**RECORDS**
____

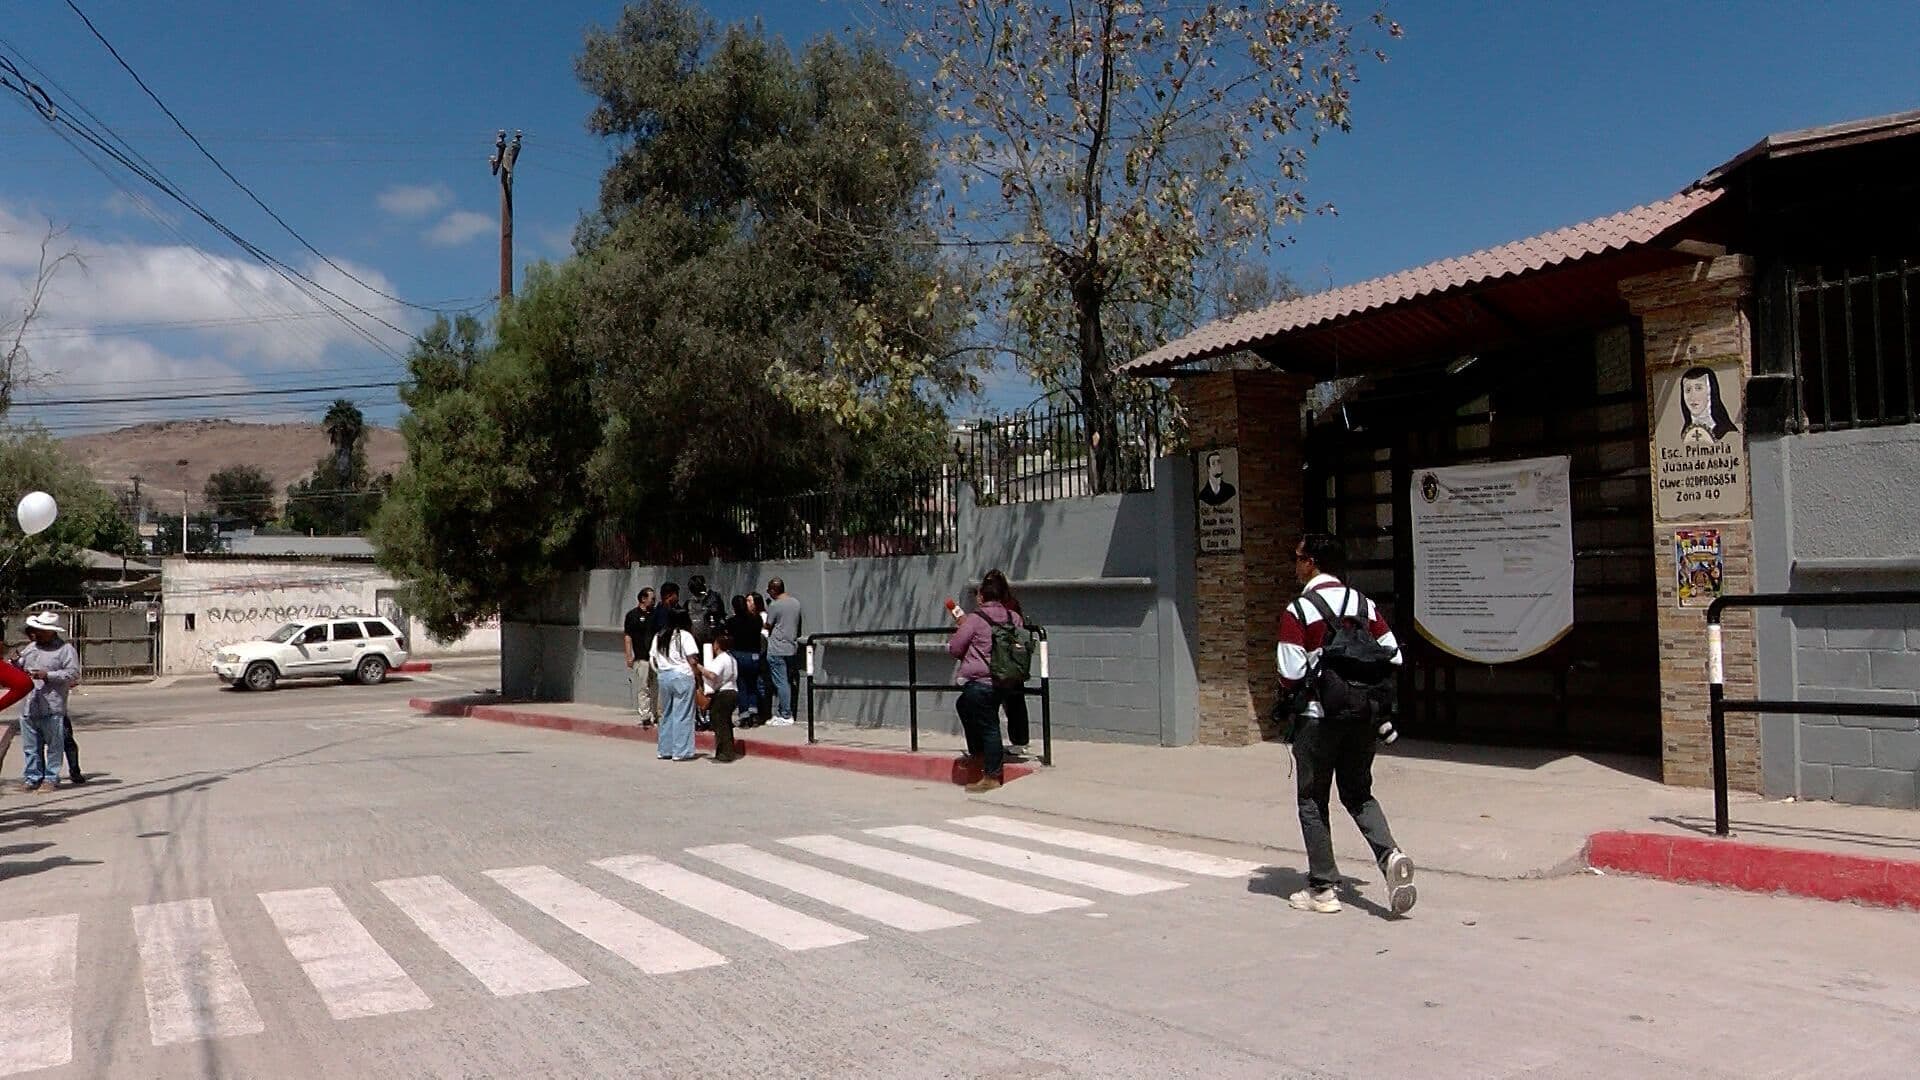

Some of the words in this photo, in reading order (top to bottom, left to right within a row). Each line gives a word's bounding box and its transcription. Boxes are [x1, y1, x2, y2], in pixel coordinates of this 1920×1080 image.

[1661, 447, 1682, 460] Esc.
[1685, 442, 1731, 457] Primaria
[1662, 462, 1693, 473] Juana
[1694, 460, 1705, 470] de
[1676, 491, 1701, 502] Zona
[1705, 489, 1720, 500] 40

____

**WORK ITEM**
With the pictures dropped, write out all of the entries word for word.

**RESULT FOR THIS EXERCISE**
Some of the words in this photo, in reading order (top to bottom, left to right within a row). Each line gives a word's bounding box and its transcription. Boxes are [x1, y1, x2, y2], in pixel coordinates of this 1920×1080 image.

[1661, 447, 1682, 460] Esc.
[1685, 442, 1731, 457] Primaria
[1662, 462, 1693, 473] Juana
[1694, 460, 1705, 470] de
[1676, 491, 1701, 502] Zona
[1705, 489, 1720, 500] 40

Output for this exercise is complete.